Over 150 theatrical venues, concert halls, music clubs and sport arenas across the whole of Israel – in cities and communities large and small – were lit up in red on 26th December 2020 in a ‘Red Alert evening of action’ designed to highlight culture and the arts and the immense amount of enjoyment, entertainment and value that it brings to all.
The spontaneous event – that began like so many of these organic movements as an animated conversation – was organised by multidisciplinary artist, musician and lighting designer Nadav Barnea, together with lighting designer Baruch Shpigelman, and it energised and united engineers, technicians, designers and directors working in every discipline in the sector – lighting, sound, video, staging, rigging, visual, scenic, cameras & broadcast, etc.
Delighted to participate was another leading Israeli lighting designer, Eran Klein of Cochavi&Klein who worked closely with his business partner Eli Cochavi to light up one of the two main sites in central Tel Aviv with an all-Robe lighting rig featuring Spiiders, BMFL Spots and LEDWash 1200 fixtures.
The lights were supplied by Danor Theatre and Studio Systems whose Erez Hadar also enthusiastically participated in the event.
These Robe fixtures were used to illuminate The Cameri Theatre, and the Tel Aviv Performing Arts Centre, all standing adjacent to one another in Sderot Sha’ul HaMelech square.

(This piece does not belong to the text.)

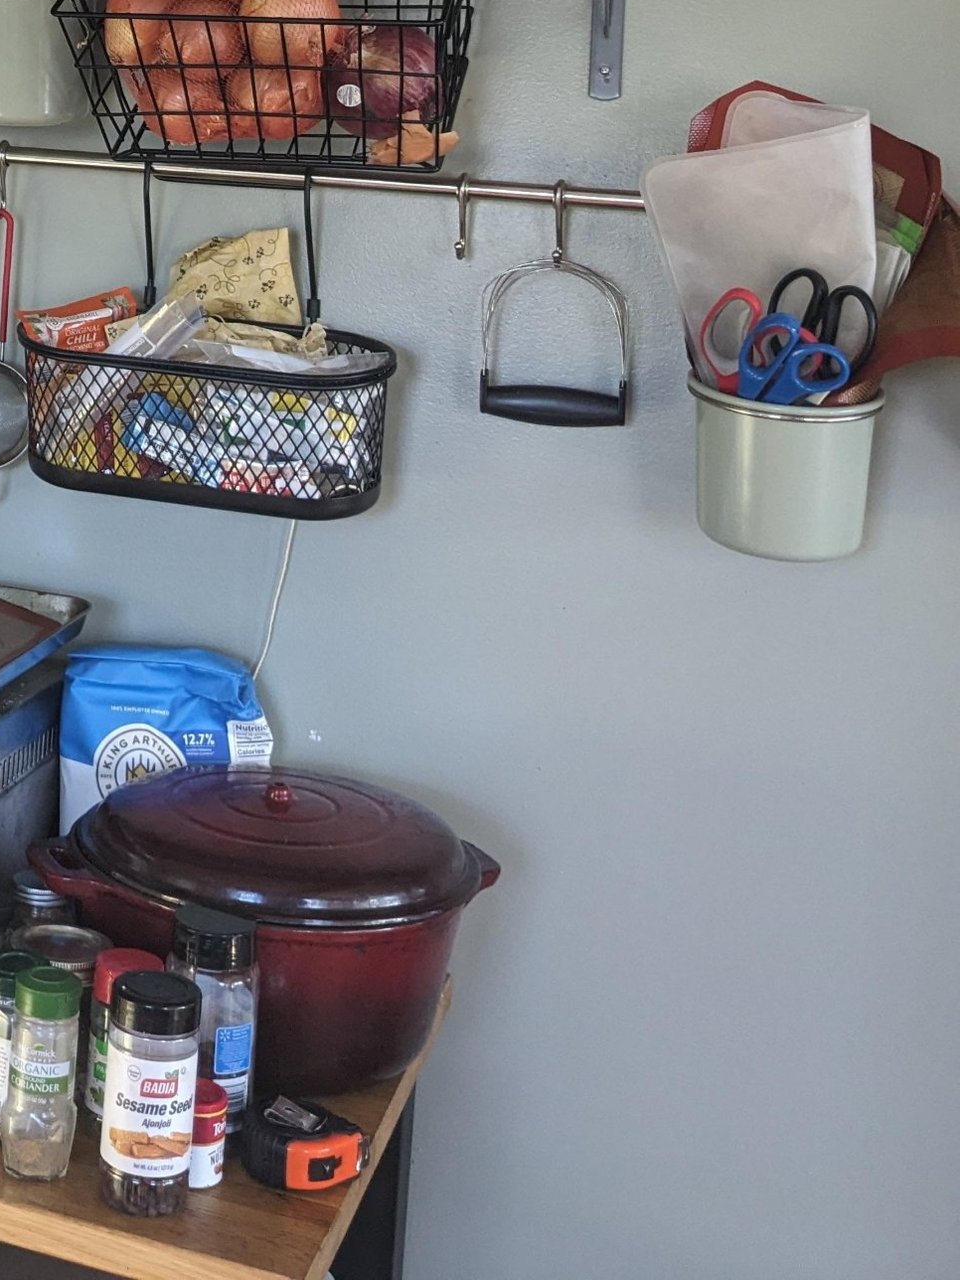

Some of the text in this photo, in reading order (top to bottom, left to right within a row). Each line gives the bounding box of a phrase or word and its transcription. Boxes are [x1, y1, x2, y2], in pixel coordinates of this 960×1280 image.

“Robe was my first choice,” explained Eran, “I picked the Spiiders and LEDWashes for their power, coverage and fantastic colours as it was important to get a really rich and luminescent red.” The BMFL Spots were used for crisp gobo projections together with cool animation effects and other textural overlays.
The fixtures were all positioned on flight cases and other objects in the square, where they had an unhindered beam-path to illuminate the buildings, all of which glowed in resplendent red.

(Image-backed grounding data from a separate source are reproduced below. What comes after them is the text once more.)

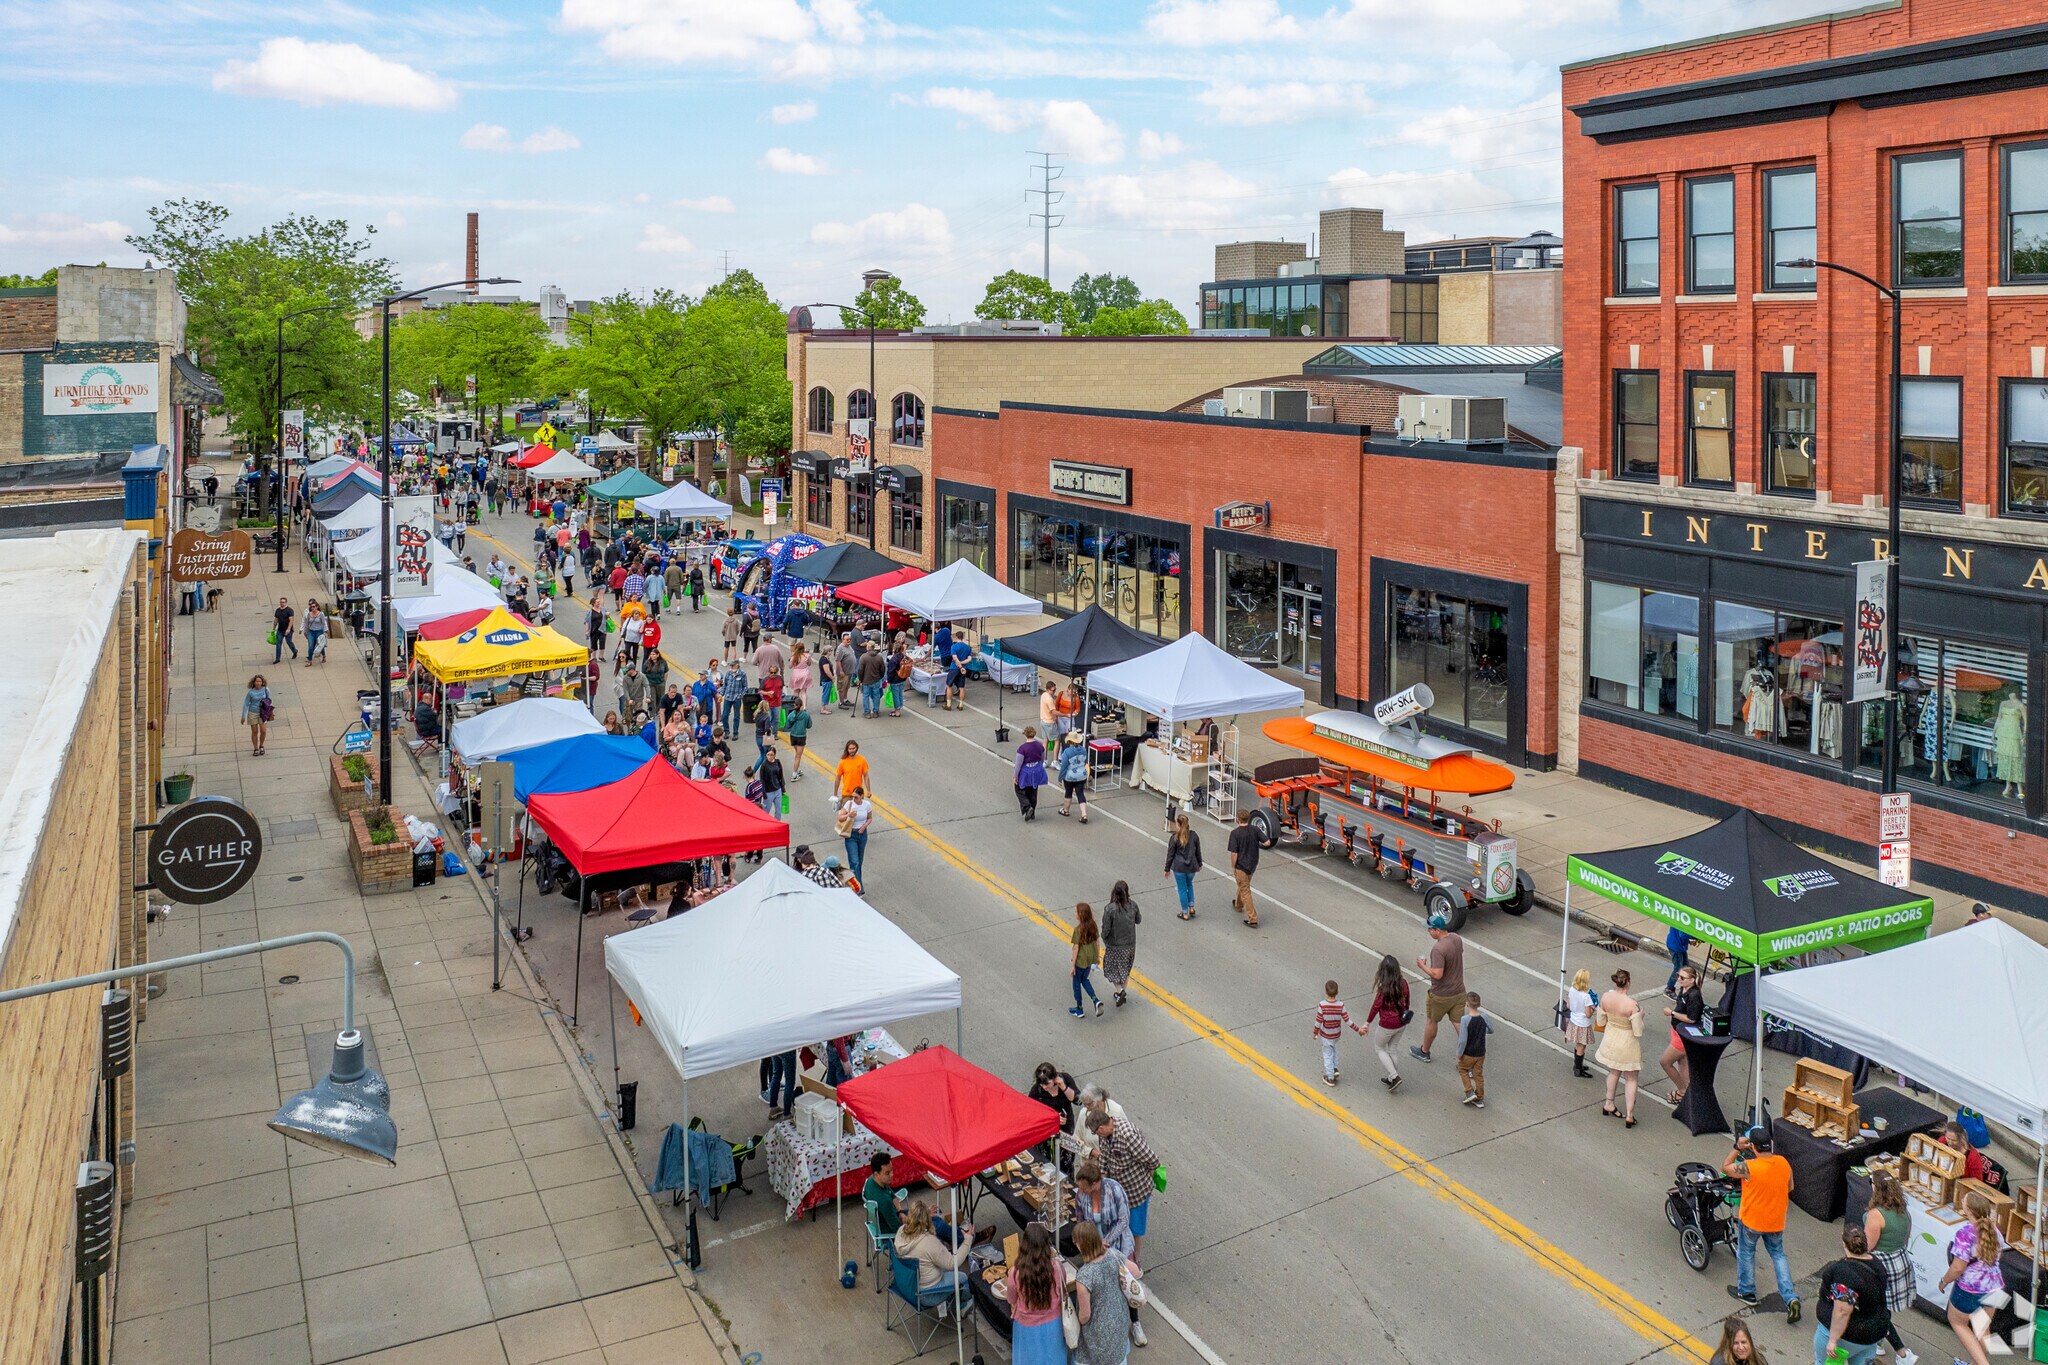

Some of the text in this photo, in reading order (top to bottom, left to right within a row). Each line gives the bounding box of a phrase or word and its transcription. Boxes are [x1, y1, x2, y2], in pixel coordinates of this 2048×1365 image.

[54, 383, 149, 397] FURNITURE SECONDS
[583, 438, 591, 448] P
[1231, 506, 1255, 517] PETE'S
[1229, 516, 1256, 527] GARAGE
[191, 539, 231, 553] String
[176, 550, 247, 564] Instrument
[179, 561, 243, 576] Workshop
[454, 669, 470, 678] CAFE
[475, 662, 506, 676] ESPRESSO
[511, 660, 533, 670] COFFEE
[554, 656, 578, 664] BAKERY
[1856, 670, 1876, 681] DISTRICT
[1377, 691, 1414, 718] BRW-SKI
[1315, 724, 1329, 736] BOOK
[1329, 729, 1342, 740] NOW
[1890, 797, 1901, 806] NO
[1882, 806, 1908, 817] PARKING
[1884, 816, 1898, 824] HERE
[1884, 823, 1906, 832] CORNER
[158, 840, 253, 866] GATHER
[1881, 850, 1891, 858] NO
[1696, 863, 1735, 883] RENEWAL
[1698, 872, 1731, 887] ANDERSEN
[1795, 869, 1830, 882] RENEWAL
[1805, 874, 1835, 885] ANDERSEN
[1885, 876, 1904, 886] TODAY
[1579, 867, 1743, 949] WINDOWS & PATIO DOORS
[1770, 907, 1923, 952] WINDOWS & PATIO DOORS

The other major Red Alert site in central Tel Aviv was the Habima Theatre – lit with 12 x Robe MegaPointes – and the Culture Palace which were also turned red for the evening.
Other notables included the Jerusalem Theatre, Teddy Stadium and the Israeli Museum of Art also in Jerusalem.
The goal of the action was to fire up all media outlets, try and get the voice of the industry in front of more people, and most notably, to influence politicians to help with re-starting the industry and getting venues open and events being staged and operating in a Covid safe environment.
The political situation in Israel is complicated. Earlier in December, its fragile coalition government collapsed after 7 months, and the country will have its fourth general election in less than two years, most probably towards the end of March 2021.
The – usually – lively music, arts and culture scene in Israel is richly diverse, incredibly proactive and through the years has produced an abundance of talented individuals who are acclaimed worldwide. The country is also a popular touring circuit destination for major international artists and performers, and there is a large associated ‘culture tourism’ sector that boosts the GDP each year.
The locally-based creative and technical production infrastructure that supports this dynamic segment is also hailed as for its ingenuity and excellence.
During the pandemic, the lighting of buildings, monuments and landmarks in red has become synonymous with support for live events and the performing arts which have been particularly hard hit since shutting down in March 2020.
In many parts of the world – Israel included – companies and professionals in the sector have had no roadmap or timescale for restarting and have received no financial assistance to stay afloat.
“Our expectations grew higher each time the list of places lit in red expanded,” commented Nadav. “We saw places we didn’t even know were joining in posting red pictures and tagging the event on social media, and it was incredible!
“We knew that the media has the power to really spread the word and apart from a few interviews to radio shows we did not expect it to explode as it did!”
Almost every national newspaper, news channel and web portal commented and talked about the action with several front-page features and lead stories.
“I can happily say that a moment of ‘let’s do something’ became a show of force presented by the whole Israeli entertainment industry,” commented a delighted Nadav.
Approximately 150 different buildings were lit red, with 1500-2000 people involved which is a remarkable achievement.
Lighting designer Baruch Shpigelman, who is currently working with Nadav, stated, “It united an entire industry which said, loud and clear, that entertainment and performance is part of every element of Israel, north to south, east to west. Its existence is at the essence of people’s spirit and well-being, as without culture, there’s no community! The entertainment industry is proud to say – we are still here and we are here to stay!!”